CEO Chalmers said the company hopes to be in a position by the end of March to ask for a type A meeting with the FDA, which will review all of the findings and recommend the next steps.
Jefferies analyst Biren Amin said in a research report that the clinical hold "bodes well for Trevena's postoperative pain program, even if CLIN3001 is only delayed," since the latest action could mean a stall of two to six months as well as possibly holding off a second phase III trial with CR845. King of Prussia, Pa.-based Trevena's pain therapy, self-administered by way of a patient-controlled analgesia device, is a biased mu opioid receptor ligand/opioid receptor modulator. Trevena "remains on track and expects that it will have its end-of-phase II meeting with the FDA later this quarter," he said. "The phase III pivotal trials will enroll 300-600 patients, and Trevena will likely propose bunionectomy and abdominoplasty surgery models to the FDA for their hard- and soft-tissue models, respectively." CR845 also has been tested in bunionectomy patients. Shares of Trevena (NASDAQ:TRVN) closed Friday at $9.18, up 16 cents. (See BioWorld Today, Sept. 2, 2015.)
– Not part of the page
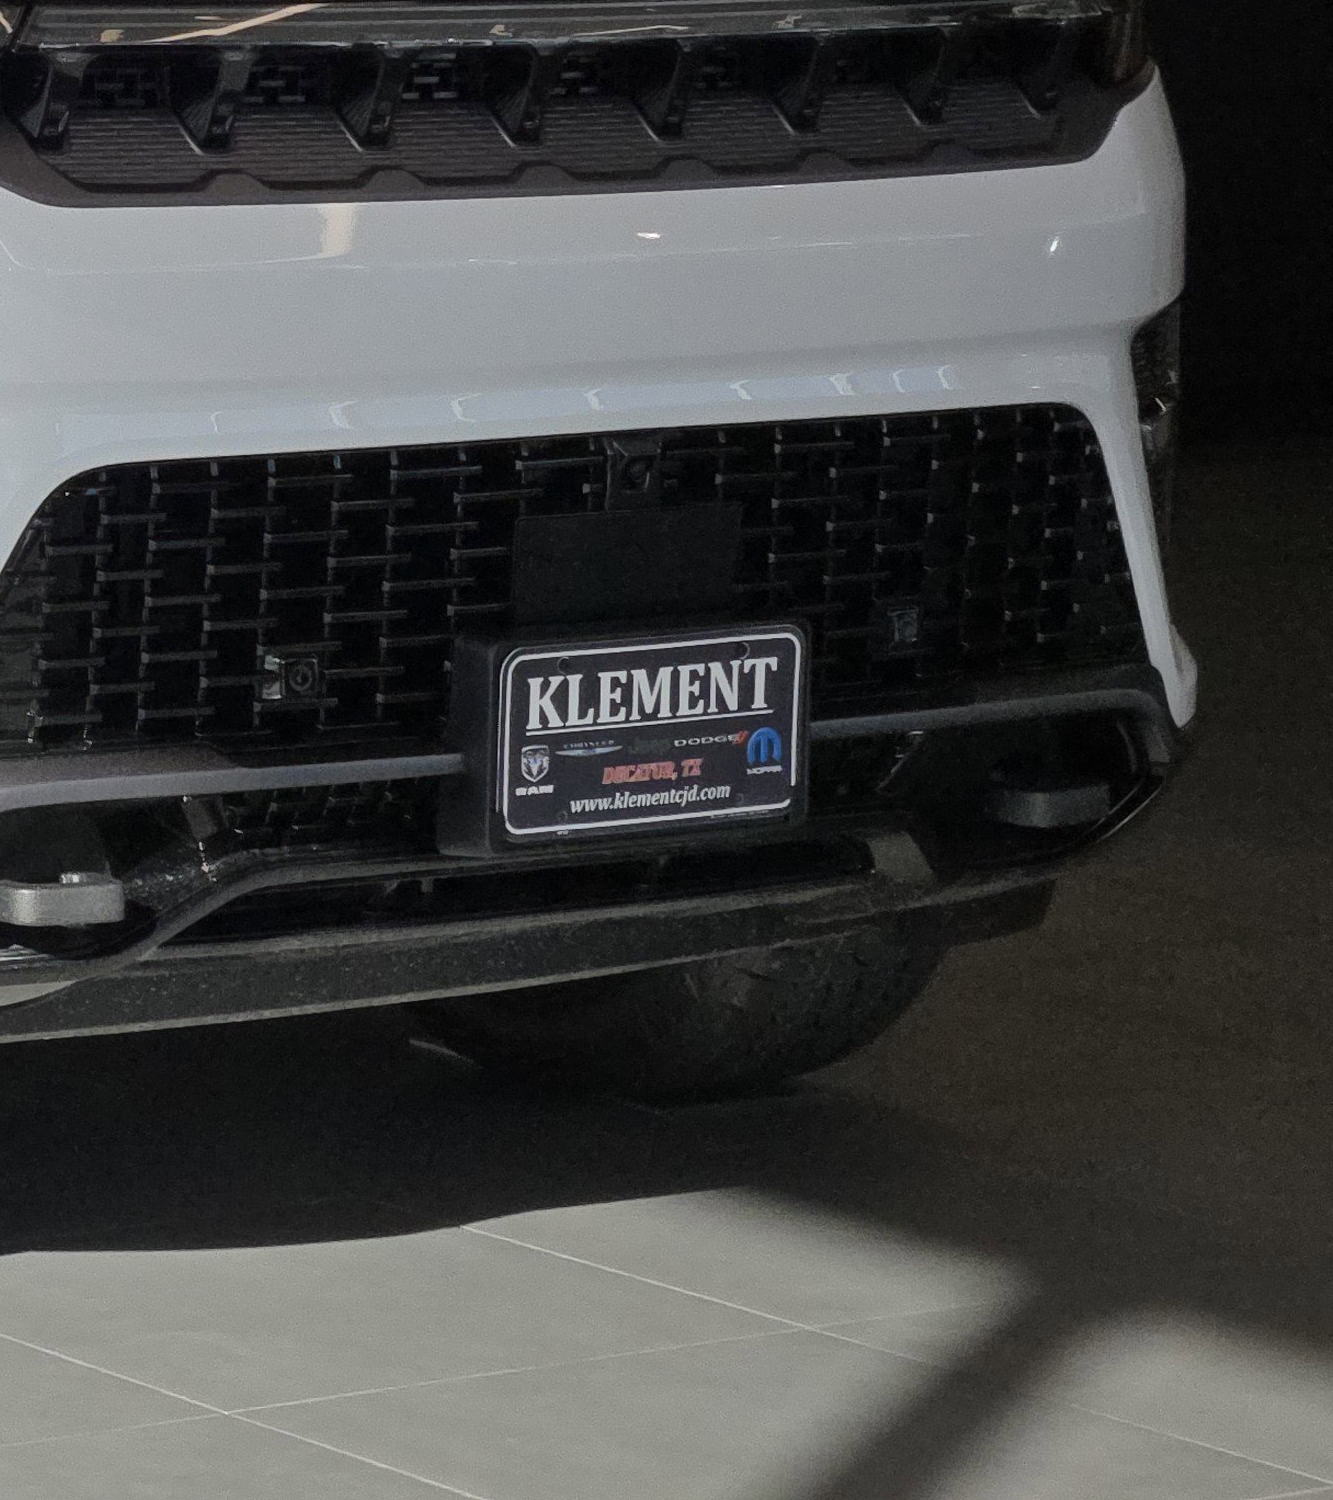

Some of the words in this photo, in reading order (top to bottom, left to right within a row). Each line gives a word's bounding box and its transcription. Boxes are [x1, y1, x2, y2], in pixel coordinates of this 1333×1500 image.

[525, 656, 778, 730] KLEMENT
[674, 733, 739, 748] DODGE
[570, 784, 731, 814] www.klementcjd.com
Piper Jaffray analyst Charles Duncan said the Cara sell-off amounted to an overreaction for three reasons. "First, the hold is based on pre-specified pharmacovigilance on hypernatremia in just the high-dose arm, with no clinical sequelae," he wrote in a research report. "Second, with no other safety issues observed in CLIN3001, CR845 continues to exhibit a superior side effect profile to mu-opioids at all dose levels. Third, management expects the analyses will delay CLIN3001 only about three months, and we don't see the hold as impairing the use of CLIN3001 data. In advance of FDA review and recommencement of CLIN3001, with an interim [data report] now around the second half of 2016, we view this as a temporary setback."